Minicharged Particles at Accelerators: Progress and Prospects

Minicharged particles (mCPs), hypothetical free particles with tiny electric charges below the elementary charge, $e$, offer a valuable probe of dark sectors and fundamental physics through several clear experimental signatures. Various models of physics beyond the Standard Model predict the existence of such particles, which could help elucidate the ongoing mysteries regarding electric charge quantization and the nature of dark matter. Moreover, a hypothetical scenario involving a small minicharged subcomponent of dark matter has recently been demonstrated as a viable explanation of the anomaly in the 21 cm hydrogen absorption signal reported by the EDGES collaboration.
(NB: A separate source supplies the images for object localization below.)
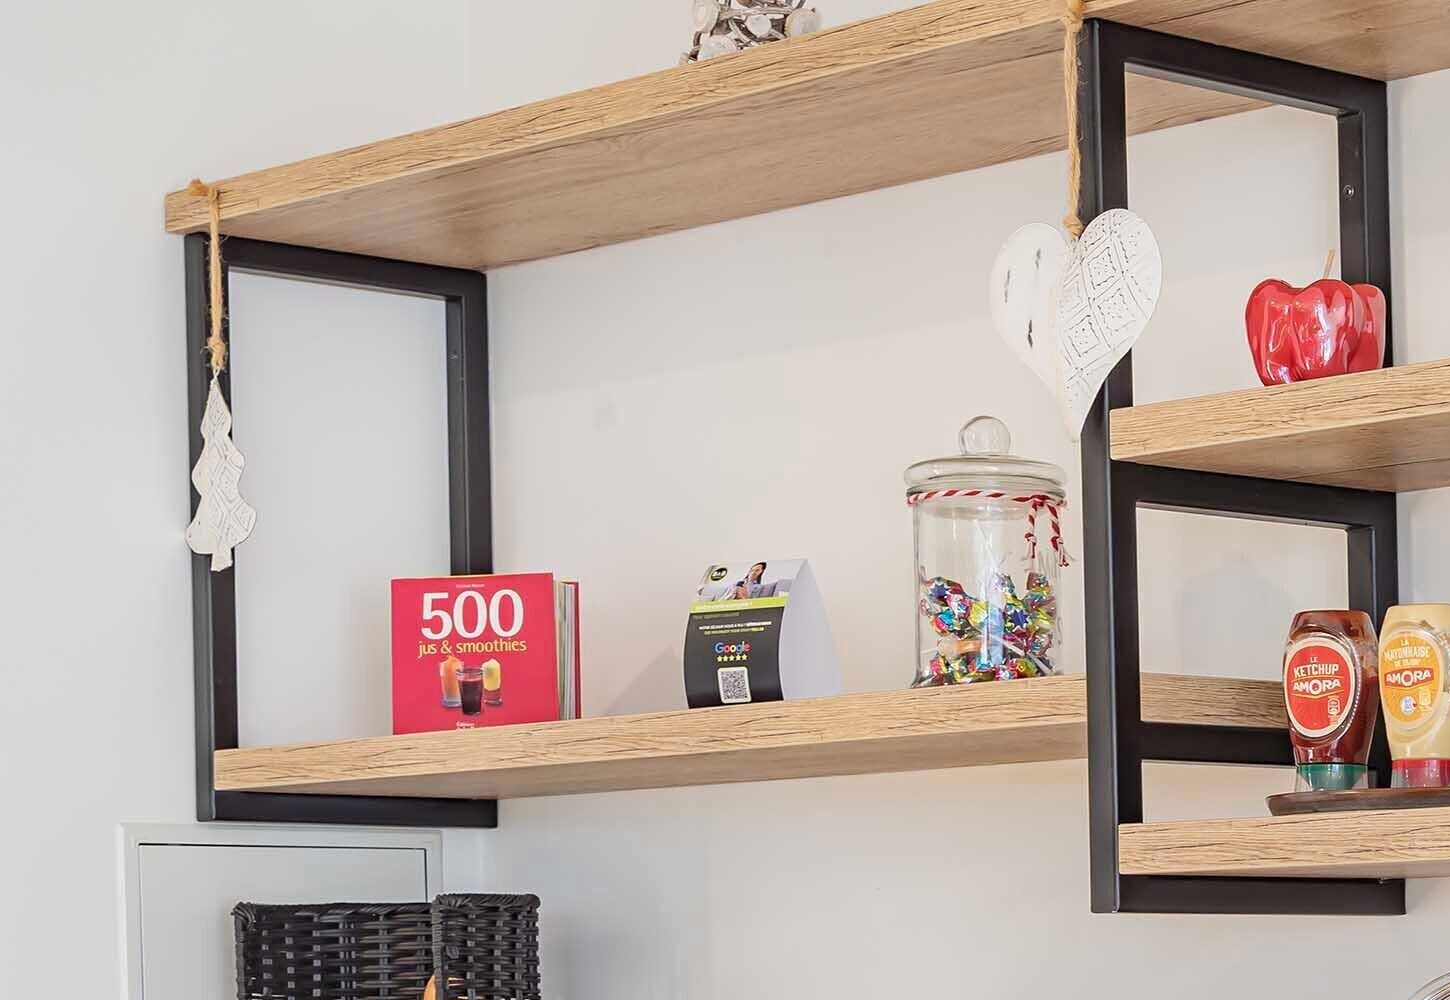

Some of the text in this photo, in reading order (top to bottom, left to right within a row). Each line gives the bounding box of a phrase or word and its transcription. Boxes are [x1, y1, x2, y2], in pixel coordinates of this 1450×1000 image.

[421, 589, 524, 640] 500
[417, 638, 527, 659] jus & smoothies
[714, 640, 751, 654] Google
[1384, 646, 1431, 662] MAYONNAISE
[1293, 663, 1339, 678] KETCHUP
[1386, 669, 1431, 686] AMORA
[1293, 679, 1341, 695] AMORA
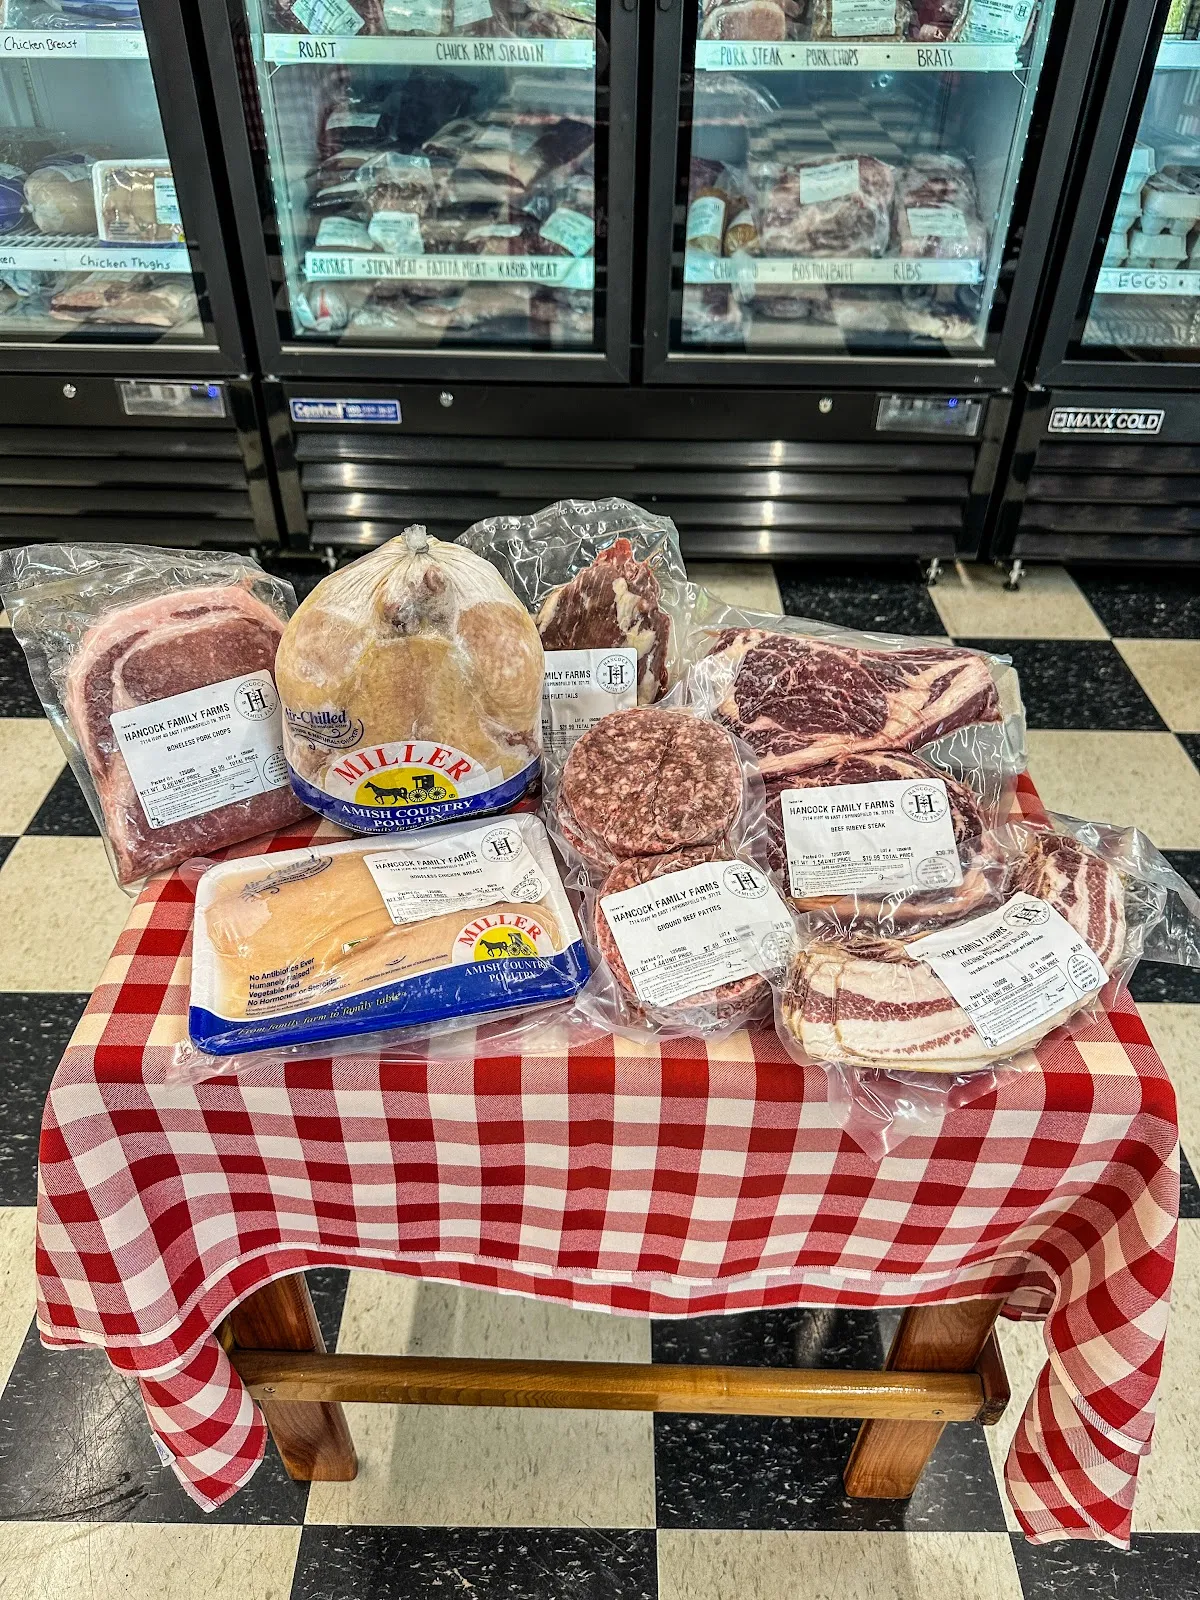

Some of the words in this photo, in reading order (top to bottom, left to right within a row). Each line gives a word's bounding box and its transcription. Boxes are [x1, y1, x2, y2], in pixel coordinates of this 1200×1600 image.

[4, 36, 45, 50] Chicken
[46, 38, 77, 50] Breast
[298, 41, 337, 58] ROAST
[436, 42, 468, 60] CHUCK
[473, 43, 495, 60] ARM
[499, 43, 544, 62] SIRLOIN
[720, 48, 748, 66] PORK
[752, 47, 783, 66] STEAK
[917, 49, 953, 67] BRATS
[80, 254, 127, 269] Chicken
[131, 257, 171, 270] Thighs
[311, 258, 354, 274] BRISKET
[530, 261, 558, 277] MEAT
[893, 264, 922, 281] RIBS
[1118, 271, 1168, 289] EGGS
[1066, 412, 1115, 428] MAXX
[1116, 413, 1159, 429] COLD
[544, 671, 563, 680] MILY
[565, 669, 591, 680] FARMS
[124, 722, 166, 742] HANCOCK
[166, 711, 198, 729] FAMILY
[199, 702, 230, 719] FARMS
[166, 738, 196, 752] BONELESS
[196, 731, 212, 743] PORK
[212, 727, 232, 738] CHOPS
[333, 744, 472, 786] MILLER
[341, 804, 393, 819] AMISH
[395, 798, 474, 818] COUNTRY
[790, 805, 829, 815] HANCOCK
[831, 802, 862, 813] FAMILY
[864, 799, 895, 810] FARMS
[373, 813, 446, 828] POULTRY
[830, 825, 845, 833] BEEF
[845, 823, 866, 832] RIBEYE
[375, 860, 415, 870] HANCOCK
[416, 858, 447, 866] FAMILY
[448, 850, 477, 864] FARMS
[613, 903, 654, 923] HANCOCK
[655, 890, 687, 909] FAMILY
[688, 880, 720, 897] FARMS
[657, 918, 682, 932] GROUND
[682, 912, 697, 923] BEEF
[698, 904, 722, 917] PATTIES
[457, 914, 542, 948] MILLER
[723, 935, 739, 944] TOTAL
[956, 937, 984, 955] FAMILY
[300, 957, 315, 968] Ever
[464, 961, 501, 977] AMISH
[248, 987, 285, 999] Vegetable
[286, 981, 300, 990] Fed
[249, 980, 285, 990] Humanely
[268, 1019, 301, 1032] family
[302, 1013, 328, 1025] farm
[329, 1009, 340, 1018] to
[342, 1001, 374, 1016] family
[375, 992, 400, 1006] table
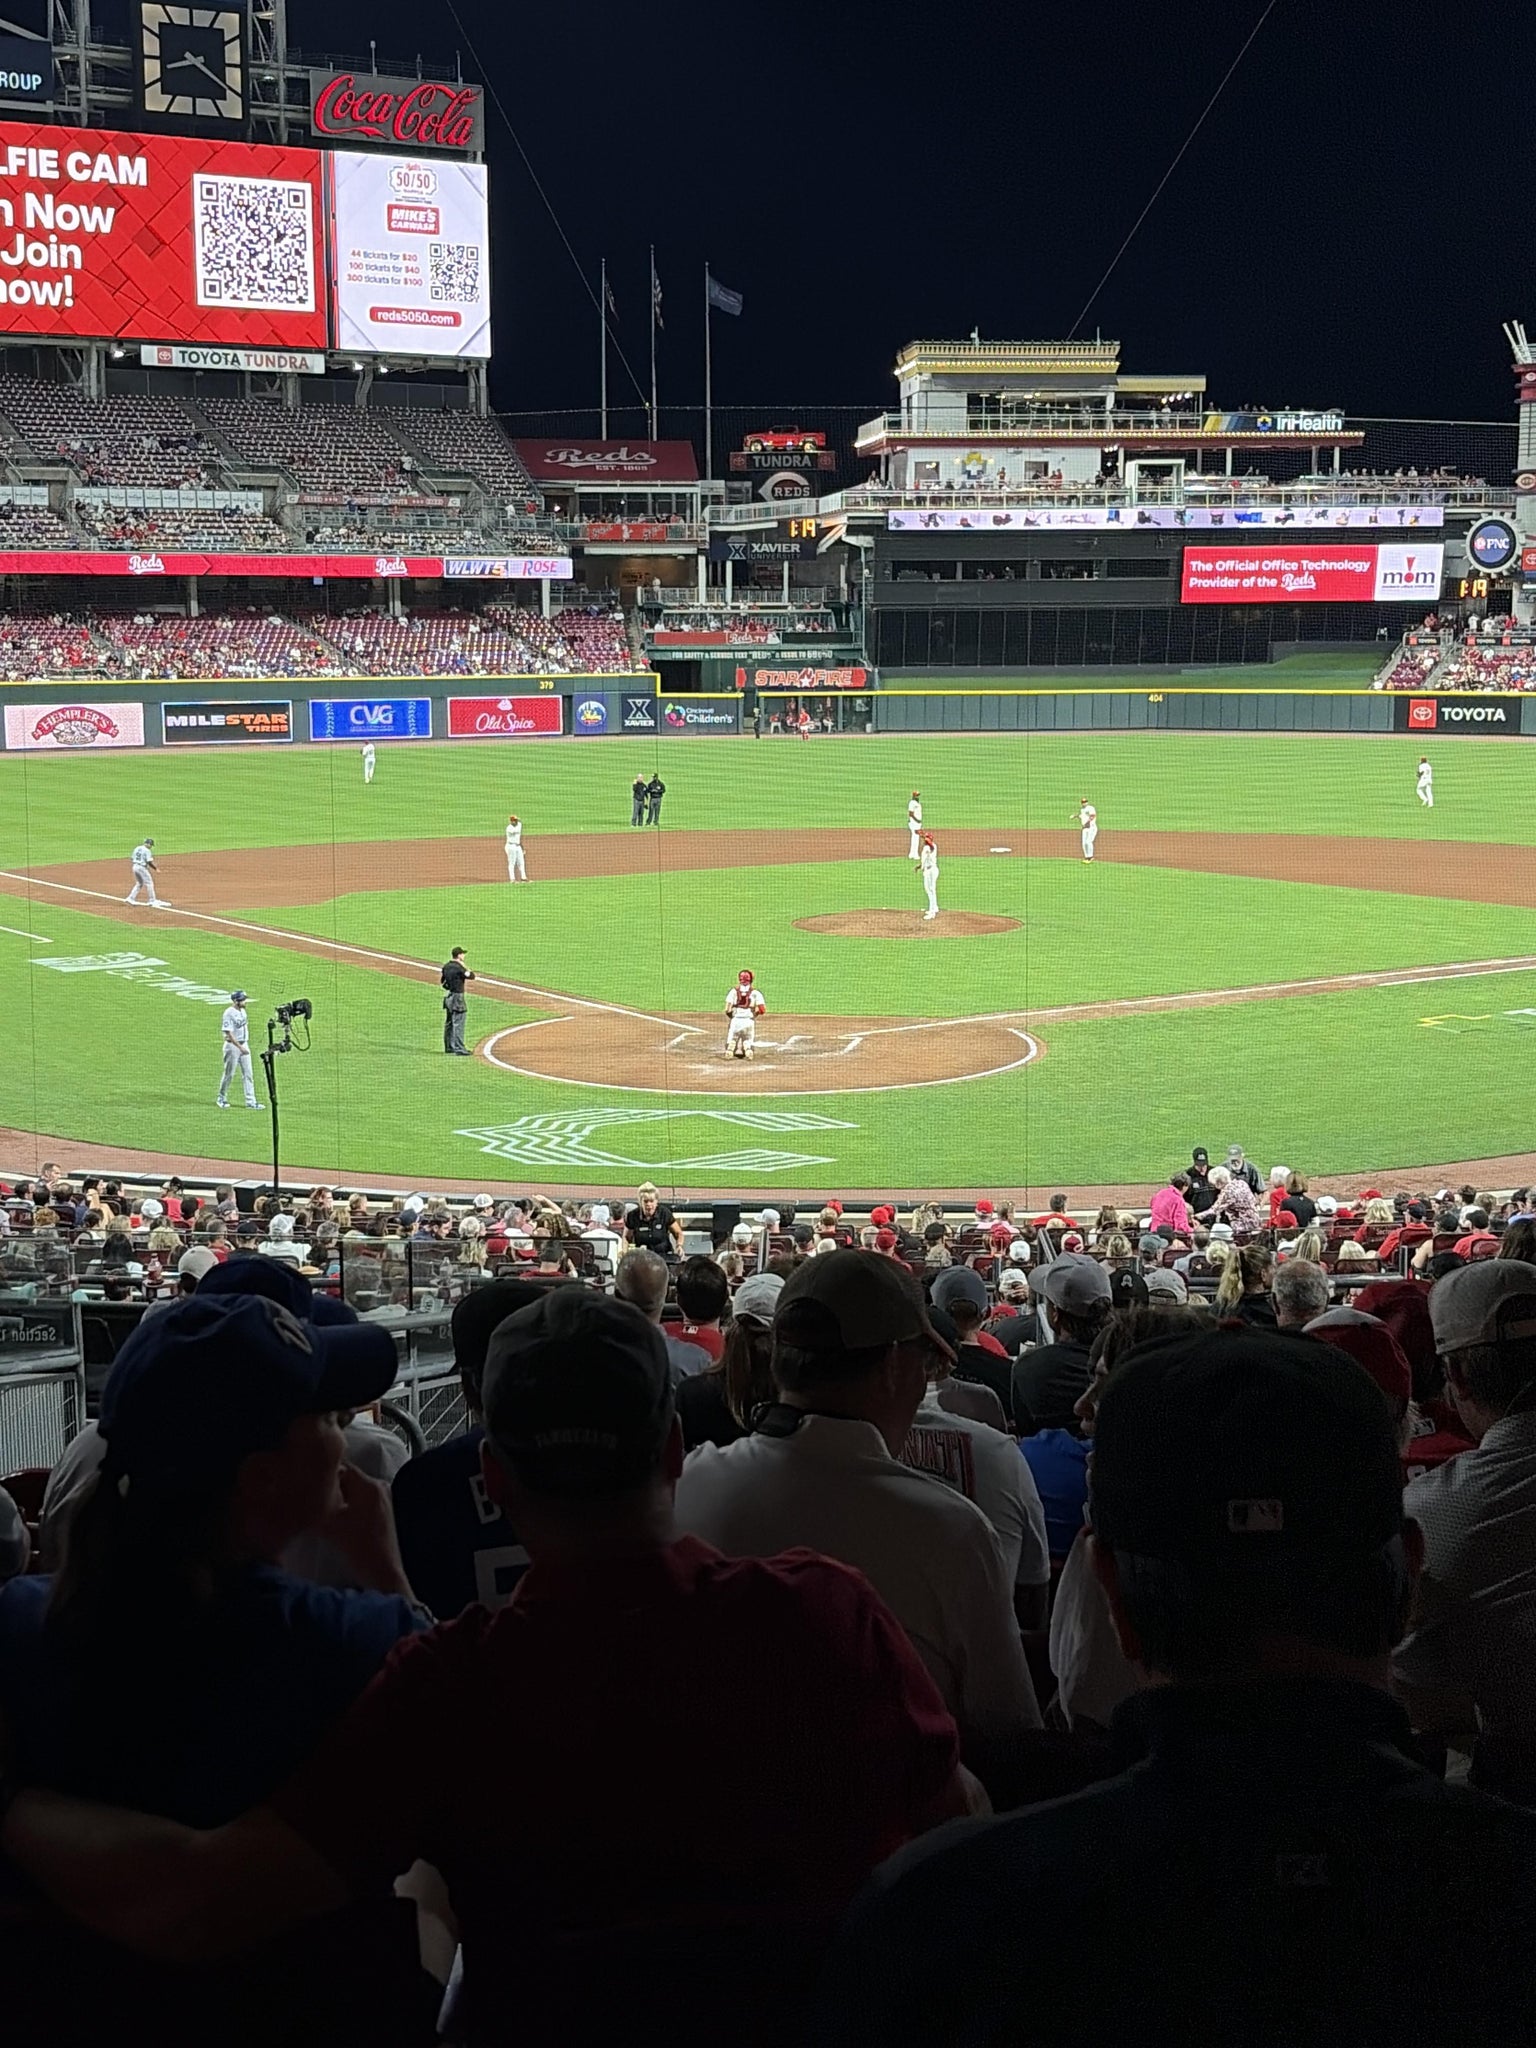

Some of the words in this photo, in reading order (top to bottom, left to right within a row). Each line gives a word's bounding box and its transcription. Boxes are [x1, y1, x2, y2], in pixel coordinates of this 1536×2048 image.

[66, 151, 148, 187] CAM
[396, 171, 430, 189] 50/50
[24, 192, 115, 234] Now
[391, 208, 437, 224] MIKE'S
[4, 233, 82, 270] Join
[363, 251, 388, 260] tickets
[402, 254, 417, 262] $20
[349, 262, 364, 270] 100
[365, 263, 390, 272] tickets
[392, 265, 402, 273] for
[404, 266, 420, 274] $40
[347, 274, 363, 282] 300
[364, 276, 389, 284] tickets
[391, 277, 401, 285] for
[403, 278, 423, 287] $100
[377, 310, 455, 326] reds5050.com
[179, 350, 241, 366] TOYOTA
[244, 353, 309, 370] TUNDRA
[1276, 414, 1343, 431] TriHealth
[543, 447, 658, 468] Reds
[753, 455, 812, 468] TUNDRA
[774, 486, 811, 497] REDS
[751, 543, 800, 553] XAVIER
[1486, 537, 1510, 550] PNC
[129, 554, 164, 574] Reds
[375, 558, 408, 576] Reds
[523, 560, 558, 576] ROSE
[1190, 560, 1213, 572] The
[1215, 560, 1259, 571] Official
[1261, 559, 1299, 571] Office
[1301, 559, 1371, 572] Technology
[1189, 576, 1240, 588] Provider
[1242, 576, 1255, 587] of
[1257, 576, 1278, 587] the
[1280, 572, 1316, 592] Reds
[755, 670, 800, 686] STAR
[813, 669, 853, 686] FIRE
[1148, 693, 1164, 702] 404
[41, 708, 110, 730] HEMPLER'S
[167, 713, 288, 726] MILESTAR
[350, 704, 396, 724] CVG
[686, 714, 734, 723] Children's
[1441, 707, 1506, 721] TOYOTA
[476, 713, 503, 729] Old
[501, 713, 535, 732] Spice
Although several decades of indirect observations and direct experimental searches for mCPs at particle accelerators have led to severe constraints, a substantial window of the mCP mass$\unicode{x2013}$mixing parameter space remains unexplored at the energy frontier accessible to current state-of-the-art accelerators, such as the Large Hadron Collider (LHC). Consequently, mCPs have remained topical over the years, and new experimental searches at accelerators have been gaining interest. In this article, we review the theoretical frameworks in which mCPs emerge and their phenomenological implications, the current direct and indirect constraints on mCPs, and the present state of the ongoing and upcoming searches for mCPs at particle accelerators. Additionally, we present the results of an updated study of the projected sensitivity of the recently approved (and relocated) Phase-1 detector of the MoEDAL's Apparatus for Penetrating Particles (MAPP) experiment to Drell$\unicode{x2013}$Yan pair-produced mCPs at the LHC's Run 3 and the future High-Luminosity LHC.